__Work order__: Word for word, and without a single picture, repeat the entries.

Data entries:
--------------------------------------------------
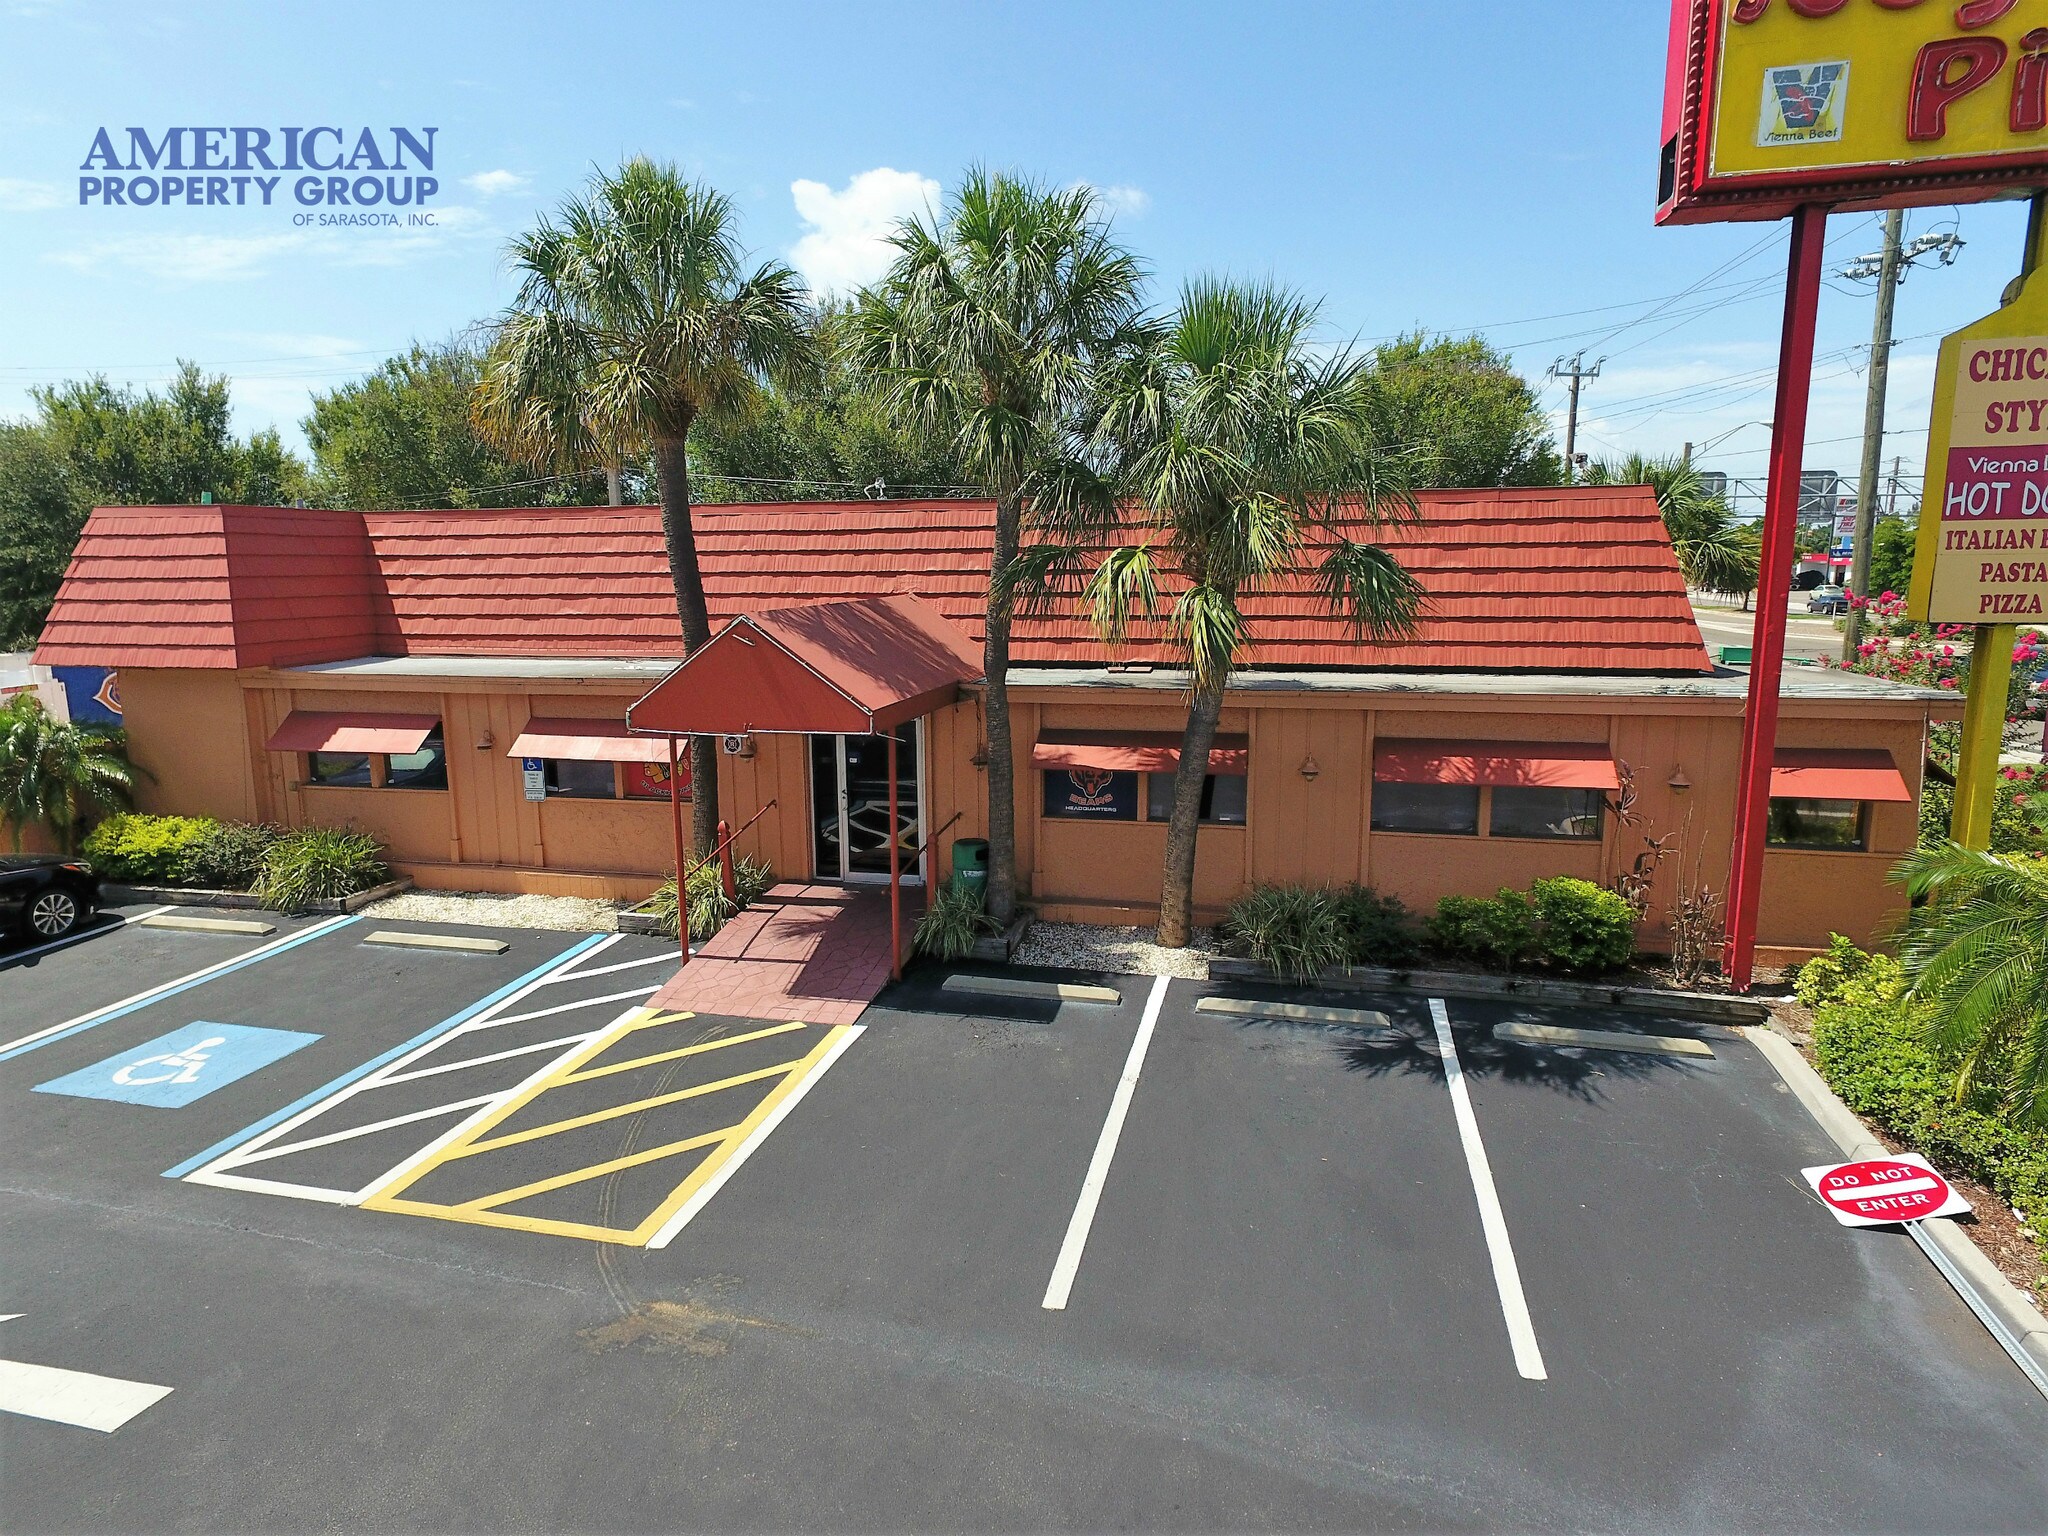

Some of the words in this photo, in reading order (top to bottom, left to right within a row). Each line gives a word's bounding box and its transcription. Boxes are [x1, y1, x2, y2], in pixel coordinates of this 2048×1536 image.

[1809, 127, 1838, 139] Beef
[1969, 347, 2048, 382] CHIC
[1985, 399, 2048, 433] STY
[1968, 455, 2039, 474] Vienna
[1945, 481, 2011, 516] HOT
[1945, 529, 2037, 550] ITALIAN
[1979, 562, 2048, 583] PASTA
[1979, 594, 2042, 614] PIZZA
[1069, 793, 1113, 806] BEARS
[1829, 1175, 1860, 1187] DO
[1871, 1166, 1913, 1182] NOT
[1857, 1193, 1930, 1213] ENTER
--------------------------------------------------
__Answer section__:
Some of the words in this photo, in reading order (top to bottom, left to right within a row). Each line gives a word's bounding box and its transcription. Boxes are [x1, y1, x2, y2], in pixel coordinates of this 2048×1536 image.

[1809, 127, 1838, 139] Beef
[1969, 347, 2048, 382] CHIC
[1985, 399, 2048, 433] STY
[1968, 455, 2039, 474] Vienna
[1945, 481, 2011, 516] HOT
[1945, 529, 2037, 550] ITALIAN
[1979, 562, 2048, 583] PASTA
[1979, 594, 2042, 614] PIZZA
[1069, 793, 1113, 806] BEARS
[1829, 1175, 1860, 1187] DO
[1871, 1166, 1913, 1182] NOT
[1857, 1193, 1930, 1213] ENTER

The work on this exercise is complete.